Setelah itu tak terdengar kabar lagi.
Aku harus mempersiapkan uang untuk RINDU masuk SMP.
Anakku memang pintar dia loncat satu tahun di SD-nya.
Dengan segala keprihatinan kupaksakan agar RINDU bisa
melanjutkan sekolah.
aku bekerja serabutan, mengerjakan pekerjaan yang bisa kukerjakan dengan dua tanganku.
Aku miris, menghadapi kenyataan. Menyaksikan anakku yang tumbuh remaja
dan aku tahu dia ingin menikmati dunianya.
Tapi nkeadaanku mengurungnya dalam segala kekurangan.
Tapi aku harus kuat. Aku harus tabah untuk mengajari RINDU hidup tegar.

10 tahun yang lalu,
Aku sedih, semua tetangga sering mengejek kecacatanku.
Dan RINDU hanya sanggup berlari ke dalam rumah lalu
sembunyi di dalam kamar.
Dia sering jadi bulan-bulanan hinaan teman sebayanya.
Anakku cantik, seperti ibunya.
'Biar cantik kalo kere ya kelaut aje.'
Mungkin itu kata-kata yang sering kudengar.
Tapi anakku memang sabar
dia tidak marah walau tak urung menangis juga.
'Sabar ya, Nak!' hiburku.
'yah ,,, RINDU pake jilbab aja ya, biar tidak diganggu!' pintanya padaku.
Dan aku menangis.
Anakku maafkan ayahmu, hanya itu suara yang sanggup kupendam dalam hatiku.
Sejak hari itu, anakku tak pernah lepas dari kerudungnya.aku bahagia.
Anakku, ternyata kamu sudah semakin dewasa. Dia selalu tersenyum padaku.
Dia tidak pernah menunjukkan kekecewaannya padaku
karena sekolahnya hanya terlambat di bangku SMP.!

7 tahun yang lalu,
Aku merenung seharian. Ingatanku tentang Phophie, istriku,
kembali menemui pikiranku.
Sudah bertahun-tahun tak kudengar kabarnya.
Aku tak mungkin bohong pada diriku sendiri, jika aku masih menyimpan rindu untuknya.
Dan itu pula yang membuat aku takut.
Semalam RINDU bilang dia ingin menjadi TKI ke Malaysia .
Sulit baginya mencari pekerjaan di sini yang cuma lulusan SMP..
Haruskah aku melepasnya karena alasan ekonomi.
Dia bilang aku sudah tua, tenagaku mulai habis dan dia ingin agar aku beristirahat.
Dia berjanji akan rajin mengirimi aku uang dan menabung untuk modal.
Setelah itu dia akan pulang, menemaniku kembali dan membuka usaha
kecil-kecilan.
Seperti waktu lalu, kali ini pun aku tak
kuasa untuk menghalanginya.
Aku hanya berdoa agar SENANDUNG RINDUku baik-baik saja.

4 tahun lalu,
RINDU tak pernah telat ! mengirimi aku uang. Hampir tiga tahun dia di sana .
Dia bekerja sebagai seorang pelayan di rumah seorang nyonya.
Tapi RINDU tidak suka dengan laki-laki yang disebutnya datuk.
Matanya tak pernah siratkan sinar baik.
Dia juga dikenal suka perempuan.
Dan nyonya itu adalah istri mudanya yang keempat.
Dia bilang dia sudah ingin pulang.

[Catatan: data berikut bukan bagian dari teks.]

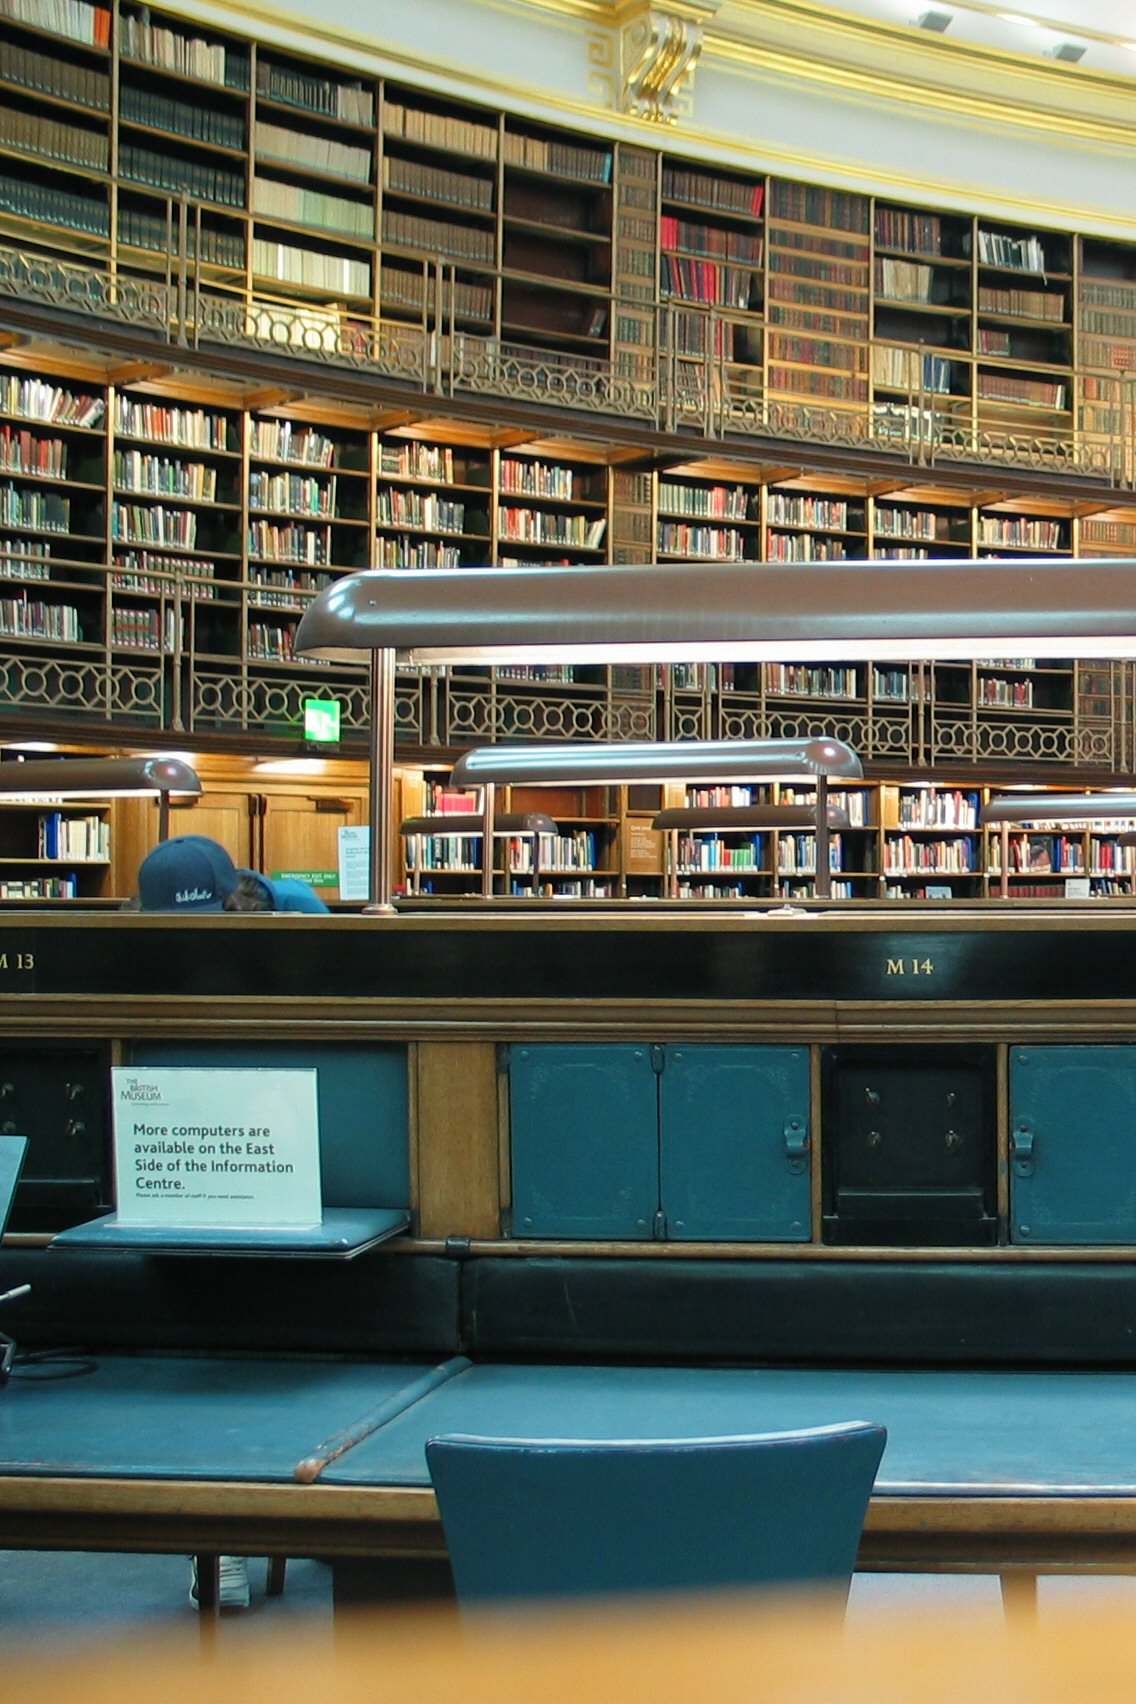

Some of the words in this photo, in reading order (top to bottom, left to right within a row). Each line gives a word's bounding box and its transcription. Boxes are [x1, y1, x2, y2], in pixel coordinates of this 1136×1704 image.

Karena akhir-akhir ini dia sering diganggu.
Lebaran tahun ini dia akan berhenti bekerja.
Itu yang kubaca dari suratnya.
Aku senang mengetahui itu dan selalu menunggu
hingga masa itu tiba.
RINDU bilang, aku jangan pernah lupa sHOlat dan
kalau kondisiku sedang baik usahakan untuk sholat tahajjud.
Tak perlu memaksakan untuk puasa sunnah yang pasti
setiap bulan Ramadhan aku harus berusaha sebisa mungkin
untuk kuat hingga beduk manghrib berbunyi.
Kini anakku lebih pandai menasihati daripada aku. Dan aku bangga.

3 tahun 6 bulan yang lalu,
Inikah badai ...?
Aku mendapat surat dari kepolisian pemerintahan Malaysia ,
kabarnya anakku ditahan. Dan dia diancam hukuman mati,
karena dia terbukti membunuh suami majikannya.
Sesak dadaku mendapat kabar ini. Aku menangis,
aku tak percaya.
SENANDUNG RINDUku yang lemah lembut tak mungkin membunuh.
Lagipula kenapa dia harus membunuh. Aku meminta bantuan hukum dari Indonesia
untuk menyelamatkan anakku dari maut.
Hampir setahun aku gelisah menunggu kasus anakku selesai.
Tenaga tuaku terkuras dan airmataku habis. Aku hanya bisa memohon
agar anakku tidak dihukum mati andai dia memang bersalah.

2 tahun 6 bulan yang lalu,
Akhirnya putusan itu jatuh juga, anakku terbukti bersalah.
Dan dia harus menjalani ! hukuman gantung sebagai balasannya.
Aku tidak bisa apa-apa selain menangis sejadinya.
Andai aku tak izinkan dia pergi apakah nasibnya
tak akan seburuk ini?
Andai aku tak belikan ia bola apakah
keadaanku pasti lebih baik? Aku kini benar-benar sendiri.
Wahai Allah kuatkan aku.

Atas permintaan anakku aku dijemput terbang ke Malaysia .
Anakku ingin aku ada di sisinya disaat terakhirnya.
Lihatlah, dia kurus sekali.
Dua matanya sembab dan bengkak.
Ingin rasanya aku berlari tapi apa daya kakiku tak ada..
Aku masuk ke dalam ruangan pertemuan itu,
dia berhambur ke arahku,
memelukku erat, seakan tak ingin melepaskan aku.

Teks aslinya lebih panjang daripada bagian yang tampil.